BIEBER, INK: Martin's devotional tattoo from 2011, shaved for this interview.
Martin infused his lies with plausible evidence. He kept a photo album full of his fake holdings and showed Staake a snapshot of a 1983 Ferrari 308, worth $143,000, claiming it was his father's. He encouraged Staake to look it up on Carfax, using a VIN cribbed from a classified ad. Martin told Staake his family owned the historic Lottery Hill Farm in Woodstock, Vermont—a $2.7 million estate once owned by Michael J. Fox. Martin says he convinced Staake that he sold heroin for a Chinese organized-crime syndicate in New York City and that he had connections that would protect Staake.

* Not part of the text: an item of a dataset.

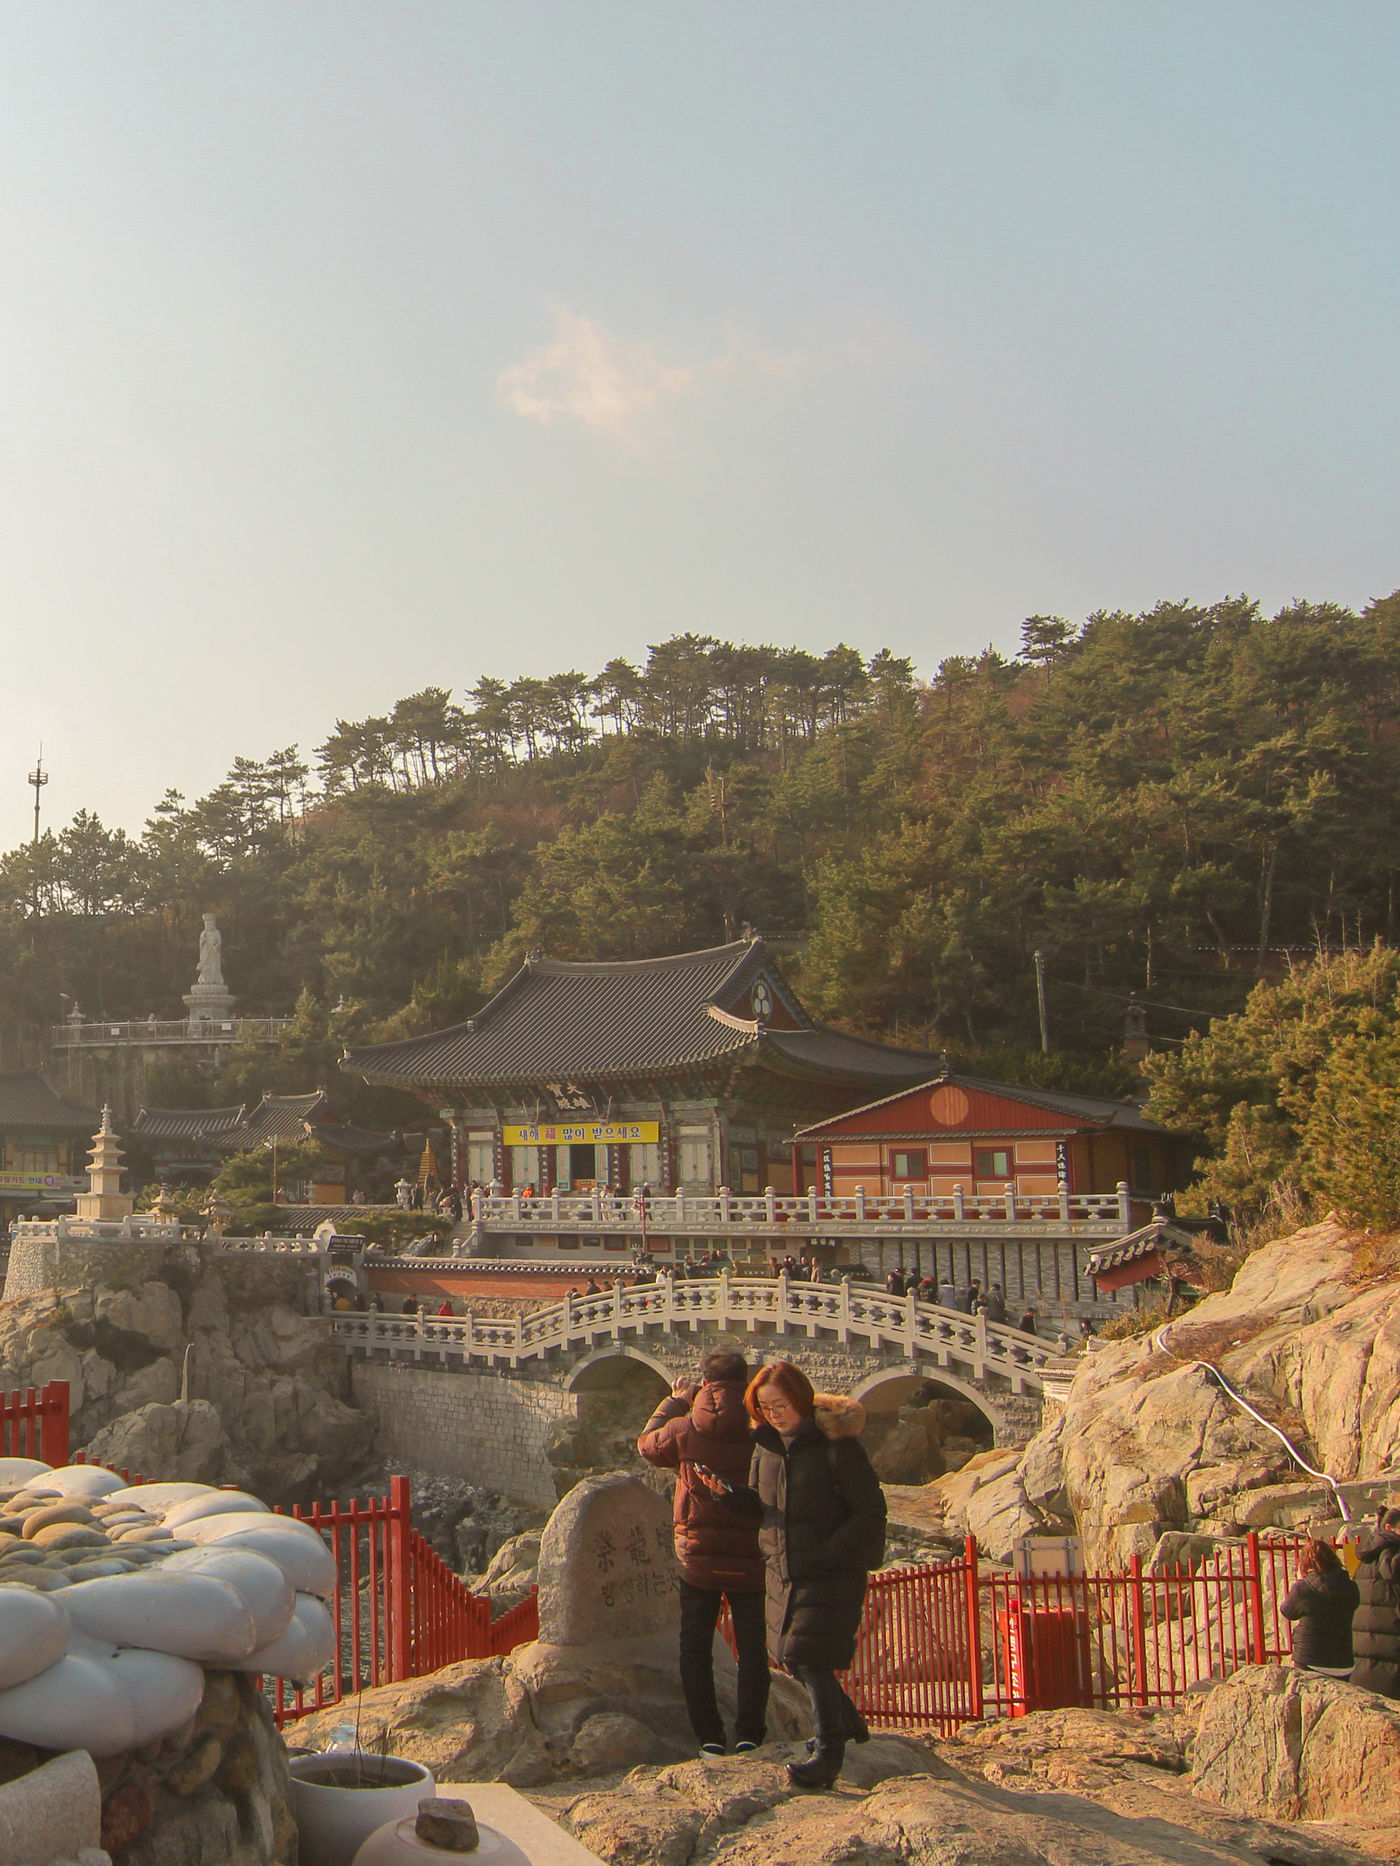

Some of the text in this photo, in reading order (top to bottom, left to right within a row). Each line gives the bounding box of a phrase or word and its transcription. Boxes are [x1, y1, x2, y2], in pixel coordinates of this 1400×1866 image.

[518, 1126, 641, 1141] 새해 福 많이 받으세요
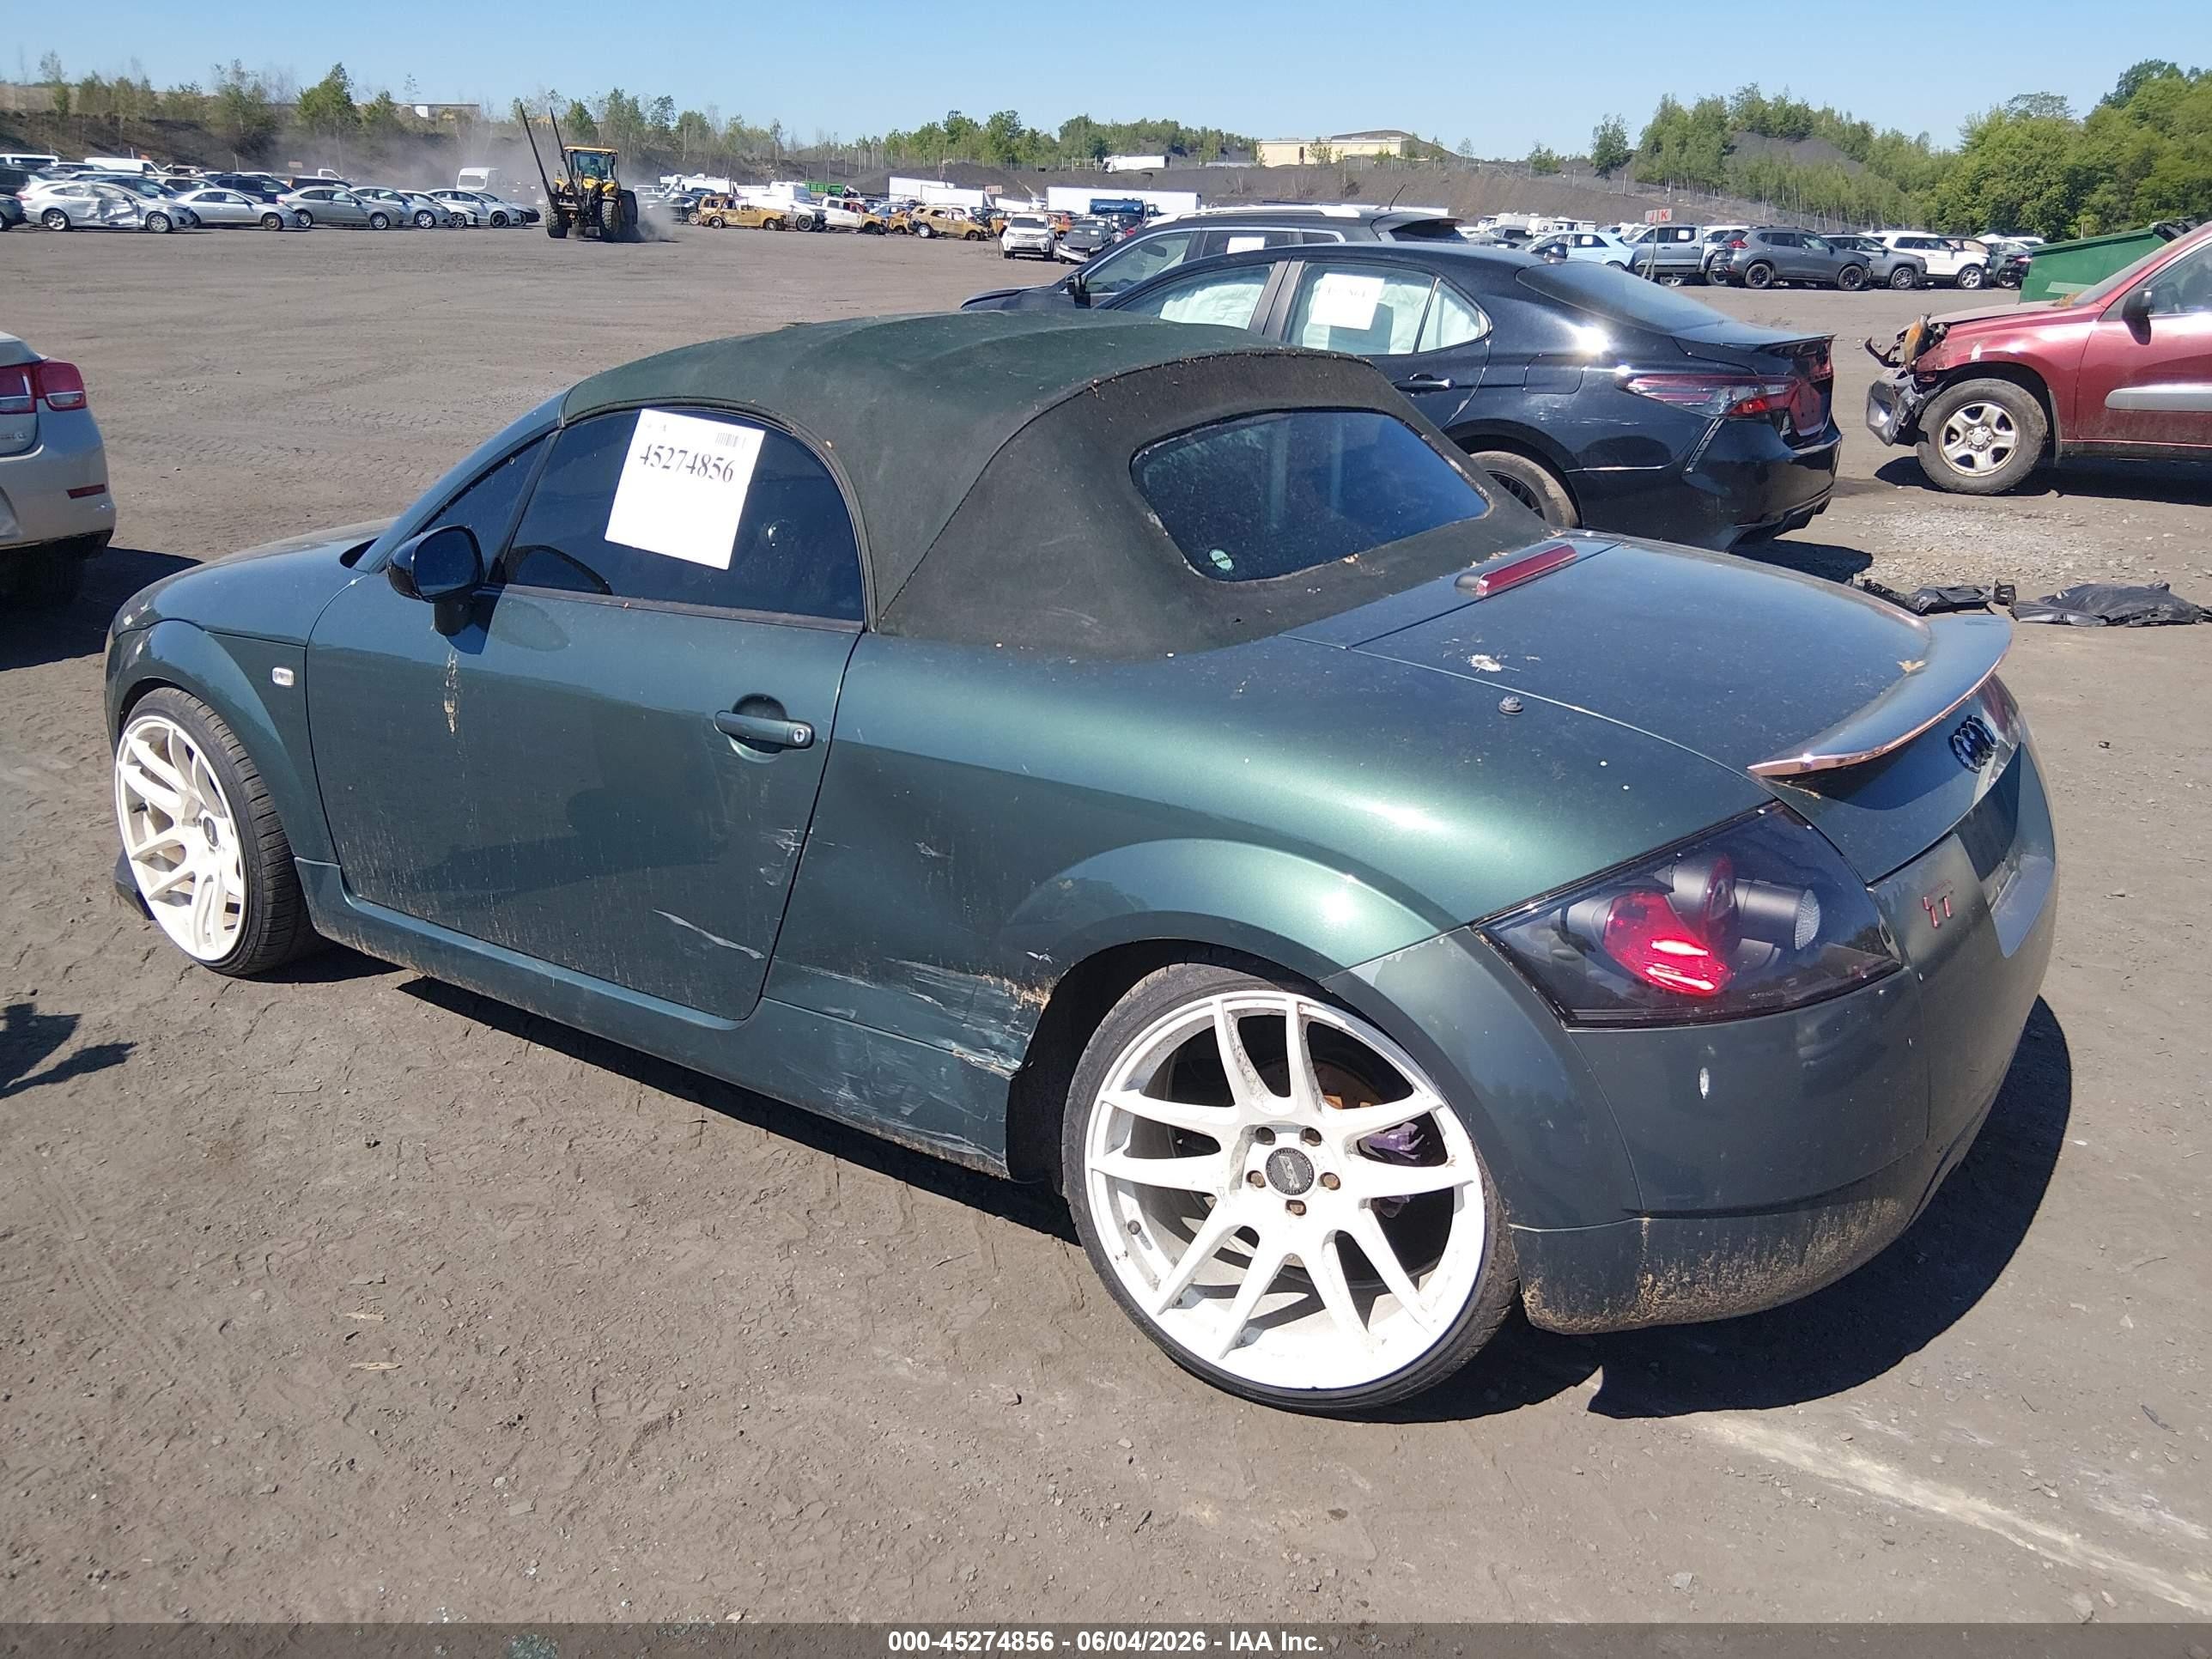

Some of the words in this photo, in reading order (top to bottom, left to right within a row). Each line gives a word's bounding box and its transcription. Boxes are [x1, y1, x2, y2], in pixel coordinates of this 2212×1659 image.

By mid-June, with Staake due to be paroled in October, Martin's plot had thickened. He wanted to settle some old scores as well and says he directed Staake to kill two former Vermont friends: One was Maurice Simoneau, the man who had been dating Florucci and who had left Martin in the Lake George motel room. "He was obsessed with me, and I didn't want anything to do with it," says Simoneau, who was in love with Florucci and believes Martin killed her to get rid of her as a rival and to hurt him. "He was off the wall, very short-tempered—a nut job." The other intended victim, whom police call PL, knew Martin when he was a teen in the mid-1990s. Martin targeted PL simply for refusing to give him information on a mutual acquaintance. Martin says he instructed Staake to strangle both men with paisley ties—the method he used on Florucci—and convinced Staake that the Chinese gang had approved the hit on Simoneau.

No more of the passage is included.